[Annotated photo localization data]
= = = =
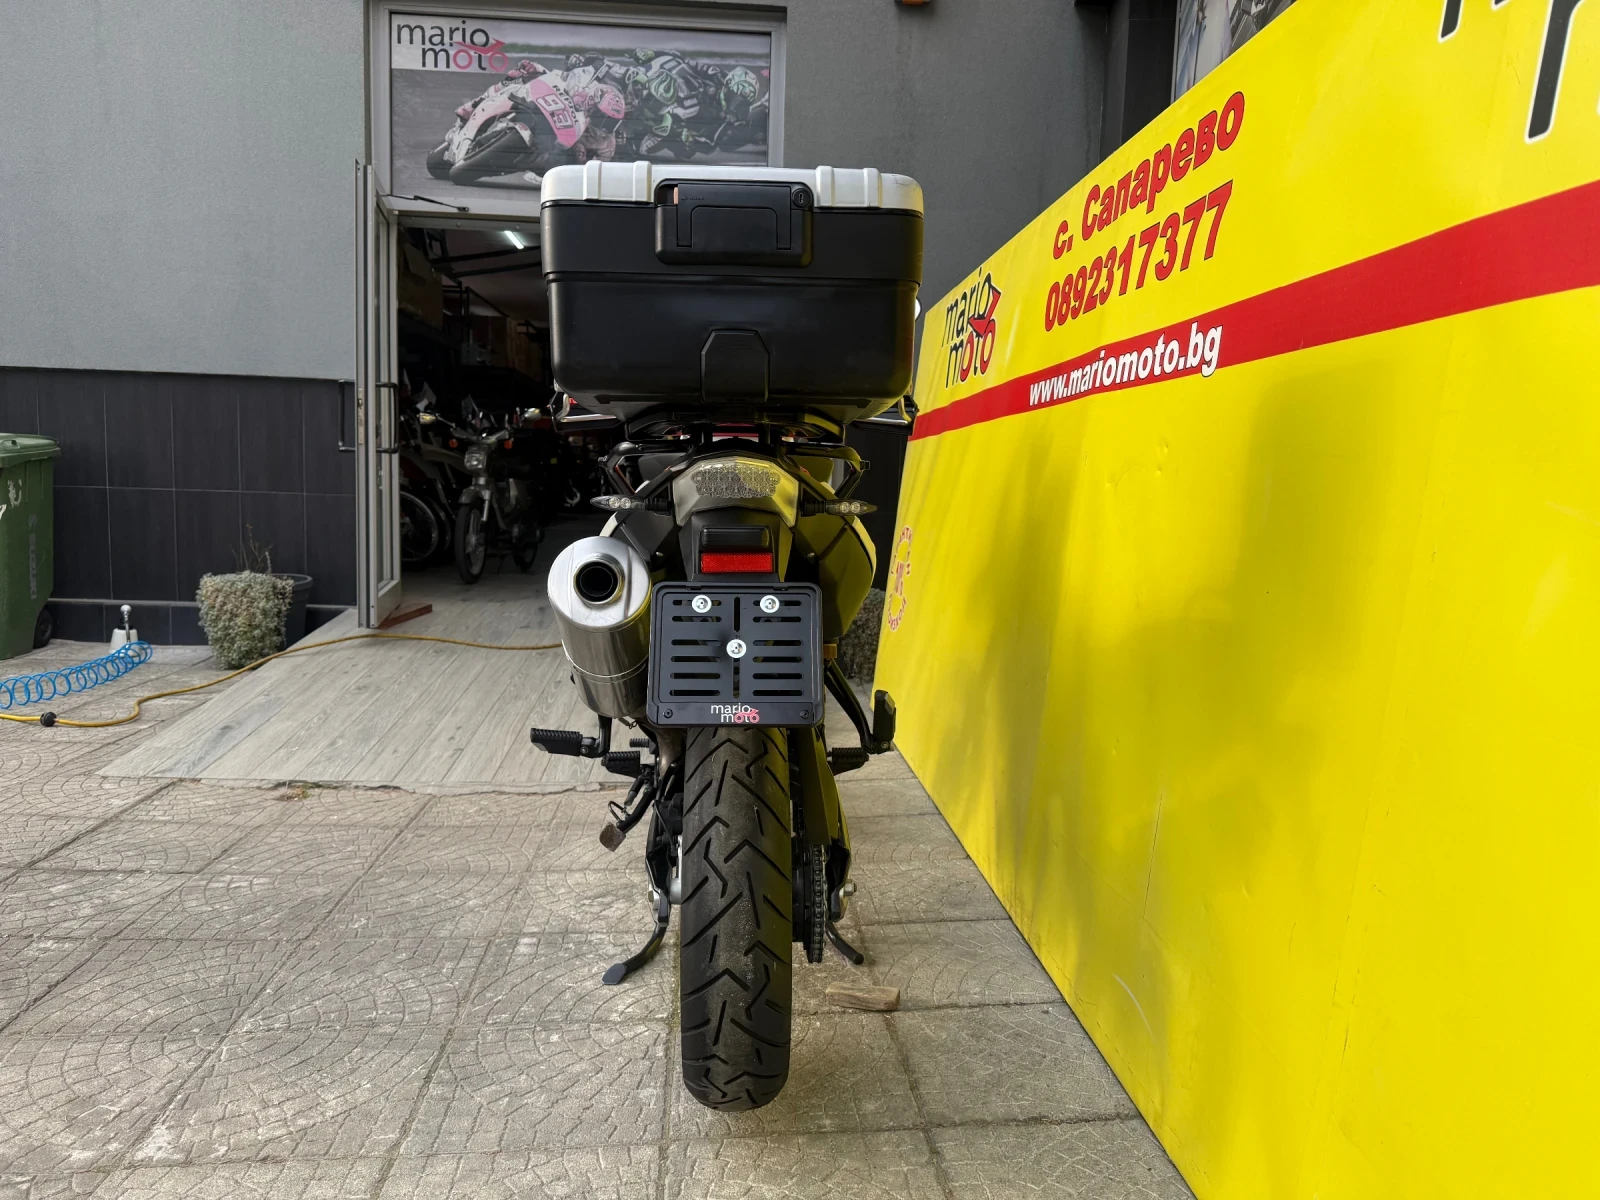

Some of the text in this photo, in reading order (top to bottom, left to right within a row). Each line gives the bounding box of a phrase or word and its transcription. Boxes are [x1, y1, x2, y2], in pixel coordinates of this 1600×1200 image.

[397, 20, 490, 47] mario
[422, 48, 509, 72] moto
[536, 93, 573, 129] 93
[1053, 91, 1245, 260] с. Сапарево
[1044, 179, 1234, 331] 0892317377
[941, 267, 992, 348] mario
[945, 319, 996, 389] moto
[1029, 321, 1223, 406] www.mariomoto.bg
[710, 702, 751, 714] mario
[720, 713, 760, 724] moto
= = = =
YOUR TASK> Reproduce the entries above exactly. Do not include the images.

RESPONSE BELOW>
Some of the text in this photo, in reading order (top to bottom, left to right within a row). Each line gives the bounding box of a phrase or word and its transcription. Boxes are [x1, y1, x2, y2], in pixel coordinates of this 1600×1200 image.

[397, 20, 490, 47] mario
[422, 48, 509, 72] moto
[536, 93, 573, 129] 93
[1053, 91, 1245, 260] с. Сапарево
[1044, 179, 1234, 331] 0892317377
[941, 267, 992, 348] mario
[945, 319, 996, 389] moto
[1029, 321, 1223, 406] www.mariomoto.bg
[710, 702, 751, 714] mario
[720, 713, 760, 724] moto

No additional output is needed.